In the past fifty years, mother and child care in many parts of the world has
developed to a high standard, and maternal and perinatal mortality figures have
declined dramatically. As complications of illegal abortions, infections and death
from postpartum haemorrhage are rarely seen these days in developed countries,
hypertensive disorders of pregnancy and their complications now rank as the major
cause of maternal mortality in this part of the world. In addition, hypertensive
disorders of pregnancy are strongly associated with fetal growth restriction and
prematurity, contributing largely to perinatal morbidity and mortality.
Over the past decades, our understanding of this unique clinical syndrome has
changed dramatically. In the past, hypertension was seen as the hallmark of the
clinical picture. All other clinical features were considered as merely secondary to
increased arterial pressure. Today, our view of hypertensive disorders of pregnancy
is of a systemic disease characterised by widespread endothelial damage which
originates from the uteroplacental circulation but ultimately involves a variety of
other organs such as the kidney, liver and brain.
Despite the progress made in the past decades, the pathophysiology remains largely
elusive. Maladaptation of the vasculature of the uteroplacental unit due to impaired
trophoblast invasion has often been implicated as the main causal factor, and this
view is now widely accepted. Based on this theory, it should be possible to predict
which pregnancies are at risk of developing hypertensive disorders of pregnancy by
using Doppler ultrasonography to analyse the uteroplacental circulation in the
second trimester. However, Doppler screening studies which have been conducted
in the past with this objective show variable and often disappointing results.
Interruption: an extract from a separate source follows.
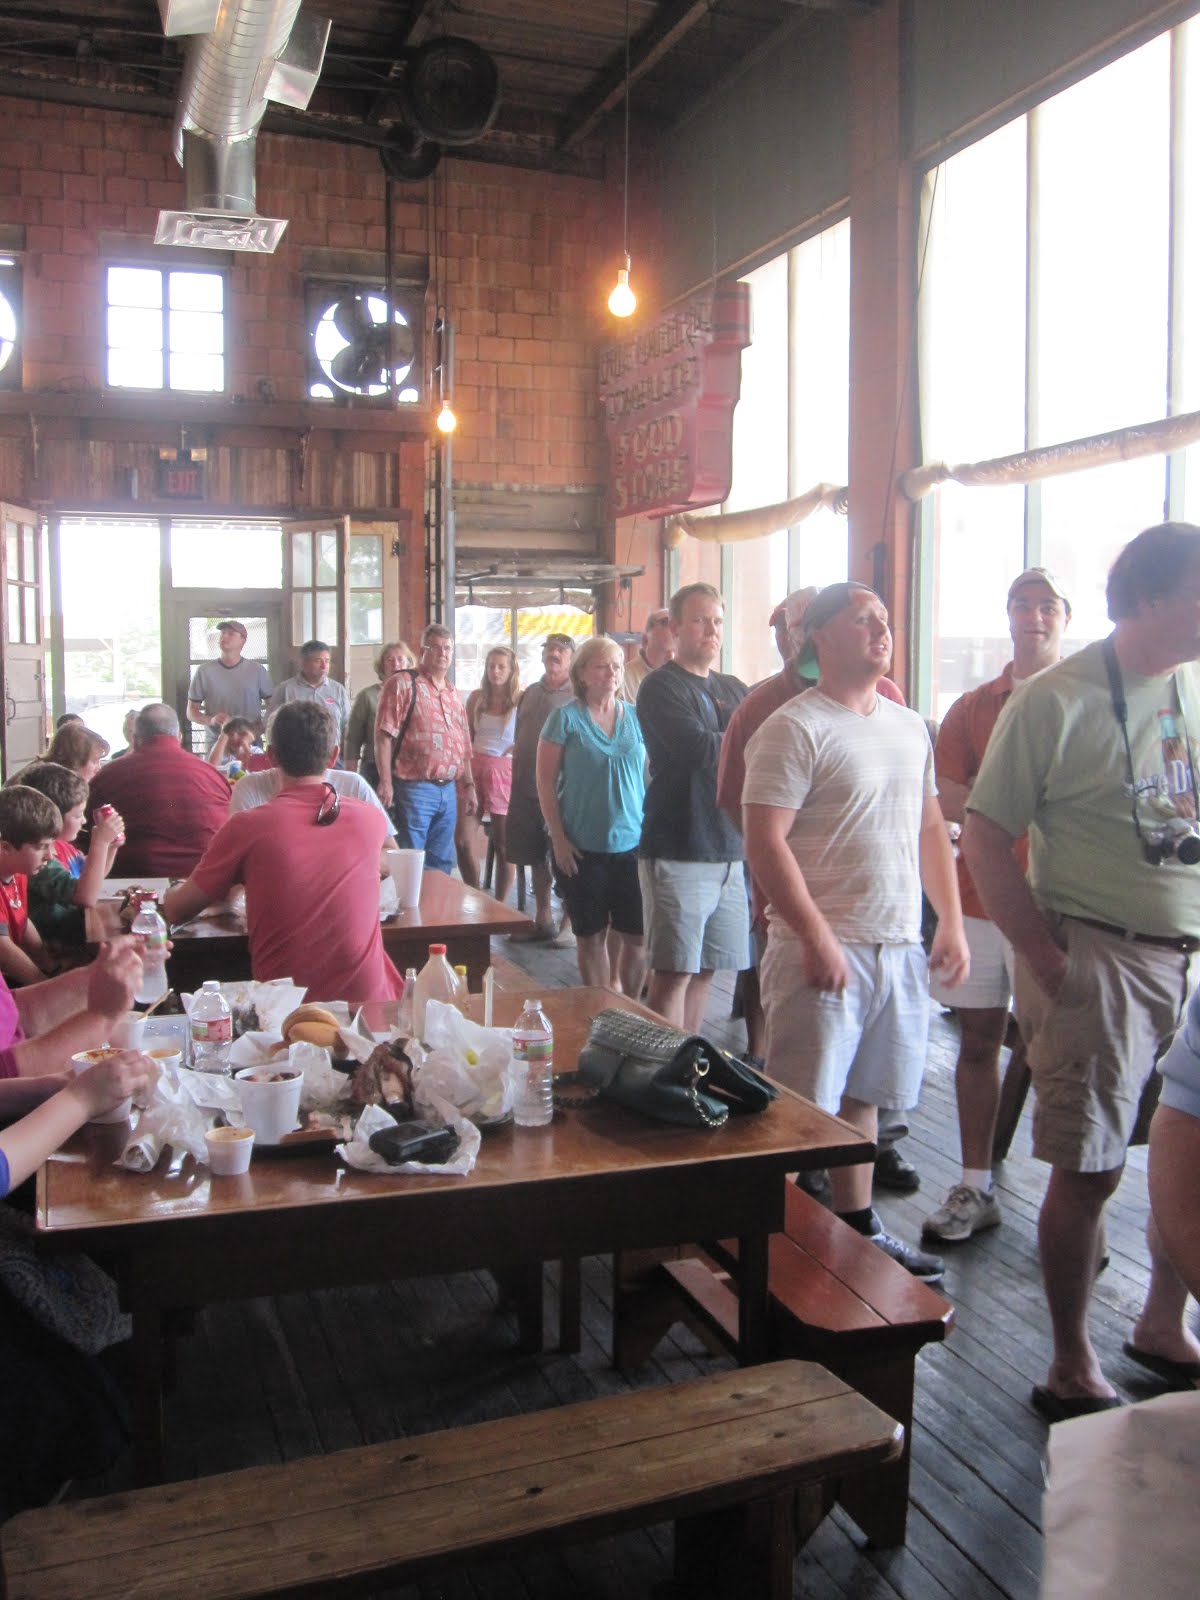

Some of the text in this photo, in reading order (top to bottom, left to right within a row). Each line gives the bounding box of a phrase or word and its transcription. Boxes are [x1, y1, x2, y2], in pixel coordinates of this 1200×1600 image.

[616, 412, 683, 466] FOOD
[168, 470, 198, 494] EXIT
[614, 455, 690, 511] STORE
In recent years, a new theory has emerged regarding the etiology of hypertensive
disorders of pregnancy. Maladaptation of the uteroplacental vasculature is still seen
as an important factor, but it may not play a role in all cases of hypertensive
disorders of pregnancy. Especially milder forms, in which the onset of symptoms is
at or near term, could be the result of underlying (latent) maternal disorders such as
essential hypertension, renal disease or diabetes mellitus which render the
uteroplacental vasculature vulnerable to accelerated atherosclerosis or increased
vascular tone.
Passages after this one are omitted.